The day baby came, I happily nursed when she asked (and made sure to take pictures in case it never happened again), but my worst fears were realized — she couldn’t latch!

She didn’t seem to remember, and when I tried to help it made things worse. My milk didn’t really come in for a week, which didn’t help either. (I think that maybe happened because I wanted to leave baby in the light treatment for jaundice so I didn’t get to hold him much, which stimulates milk production.) She asked to nurse once or so a day, and I still felt a bit of agitation. I was also frustrated and fried (emotionally and literally) from the 24-hr light therapy and the strain of staying positive about baby’s health. I began to think maybe we were both trying, but it just wasn’t going to happen.

Enter the milk.

When my milk came in, I cried inside…again, for joy. I felt relief from worry that I wasn’t going to be able to feed my newborn baby well. Some of my joy came from renewed hope that with actual milk coming out (and forcefully) that my daughter would somehow begin nursing.

My daughter blessed me for my perpetual hope by nursing!

It happened over a few days. I had offered her those few times when there was no milk, so now I knew to just keep quiet and let her do her thing. The first time I offered her milkies when my milk had come in was after baby had nursed both sides pretty well. She latched a bit better than before and even swallowed once, where before she just left her open mouth on there or closed her teeth too much. The second time I offered her milk from one side after baby had nursed one side and I knew the other was full. She continued to latch decently, swallowed a few more times and even got a little lip/mouth motion going, but she wasn’t truly nursing.

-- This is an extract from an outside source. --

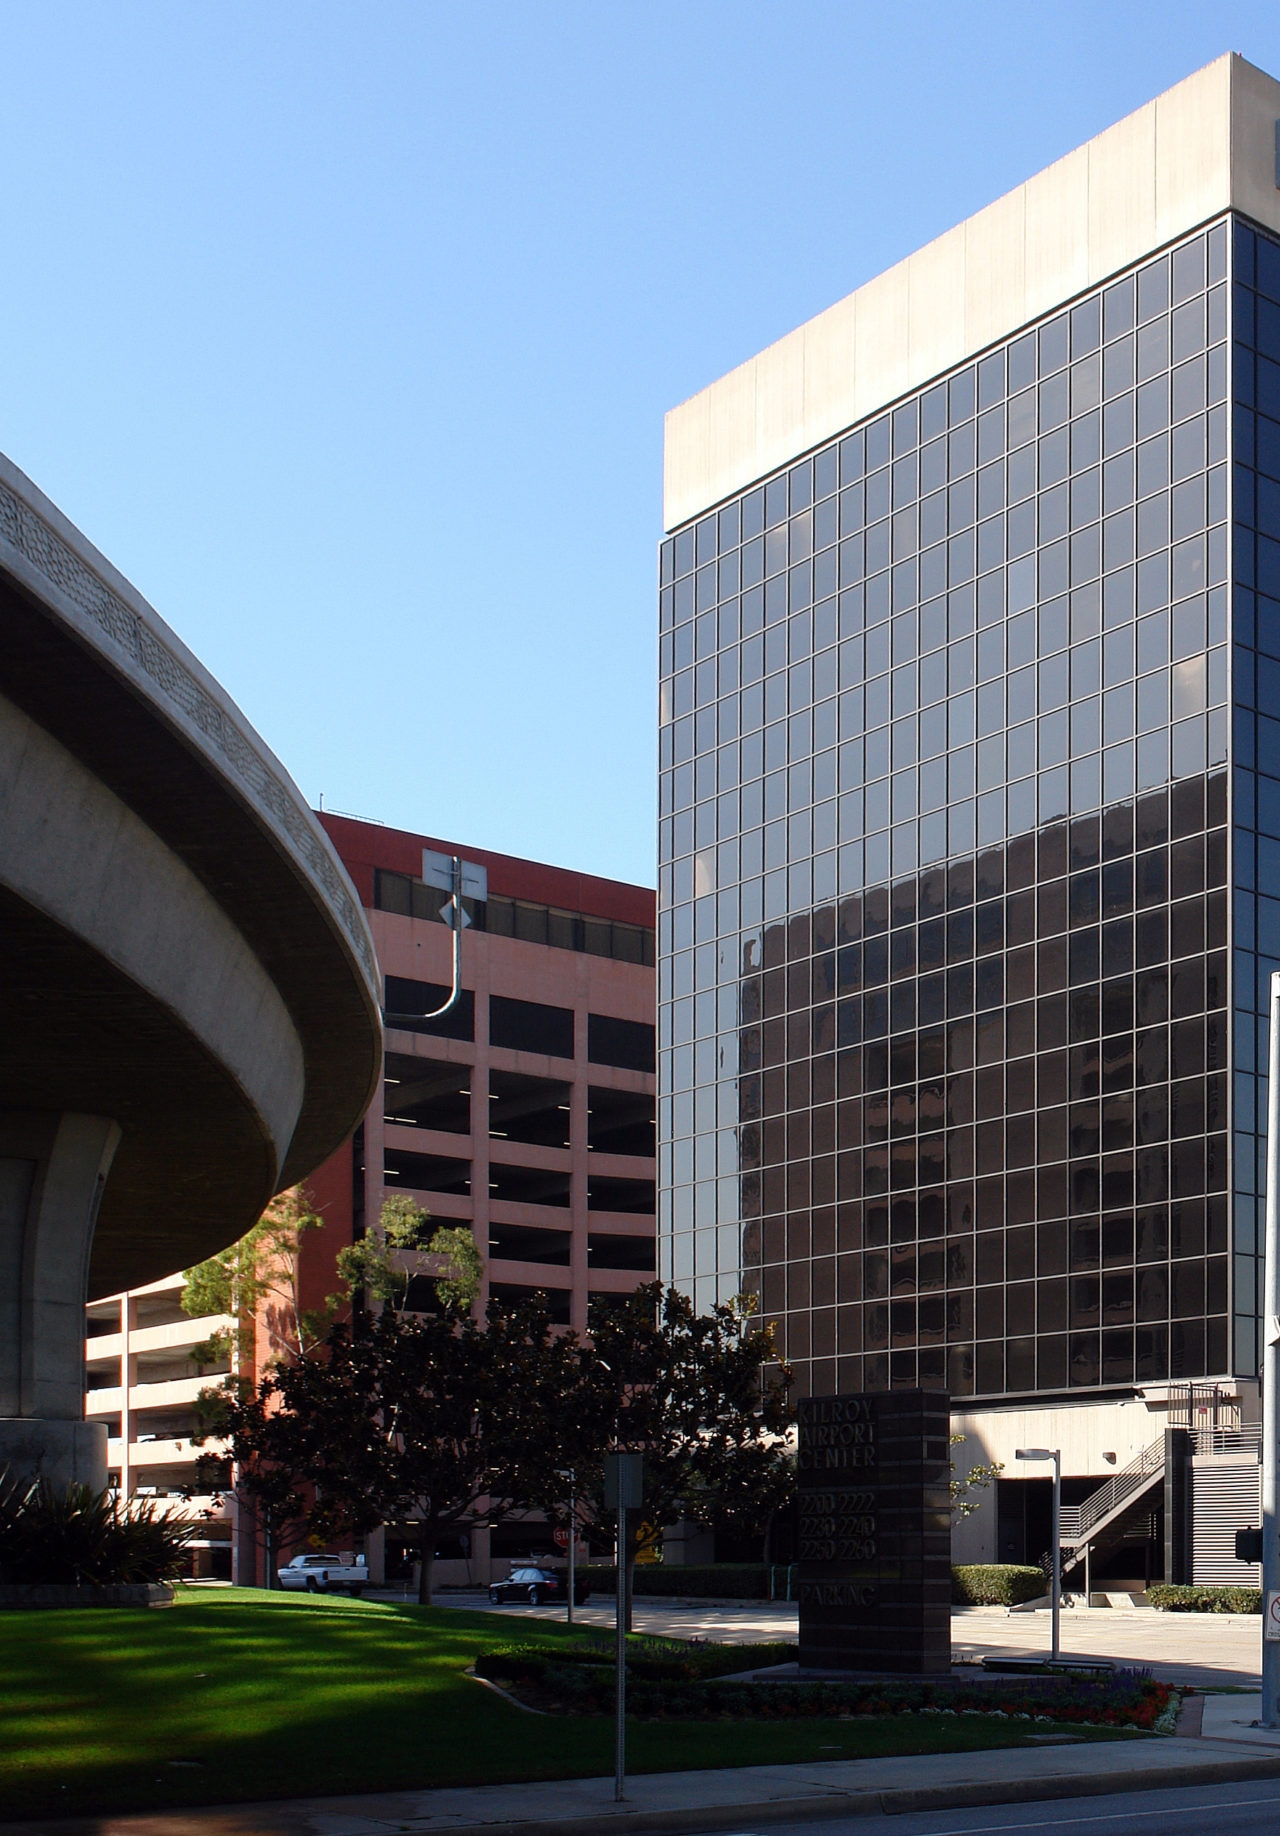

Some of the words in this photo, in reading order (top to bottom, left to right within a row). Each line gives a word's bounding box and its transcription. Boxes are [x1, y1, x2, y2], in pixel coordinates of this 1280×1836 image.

The third time, the charm, my daughter latched well, sucked gently and swallowed regularly — she was nursing!

I had gone in and offered milkies when she woke from her nap, and she seemed glad to say yes. I was quietly ecstatic, practically holding my breath to make sure I didn’t break the spell and make her stop. We nursed for about 10 minutes. Such a long time for us! And I had to end it because she was beginning to lose her interest and latch. I decided setting limits were ok, since I felt confident we could build from here. I asked her, unable to contain my excitement, “did you get milkies?” My heart felt joy when she said yes. We got up to leave the bedroom soon after.

As we walked down the hall, holding hands because she wanted to, she said in a cheerful, little voice “I like milkies. I feel better.”

Crying ensued. I practically skipped with her down the hall. I am nursing my newborn son. I am now nursing my two year old daughter. I am grateful for however long this lasts.

I am a tandem nursing mama!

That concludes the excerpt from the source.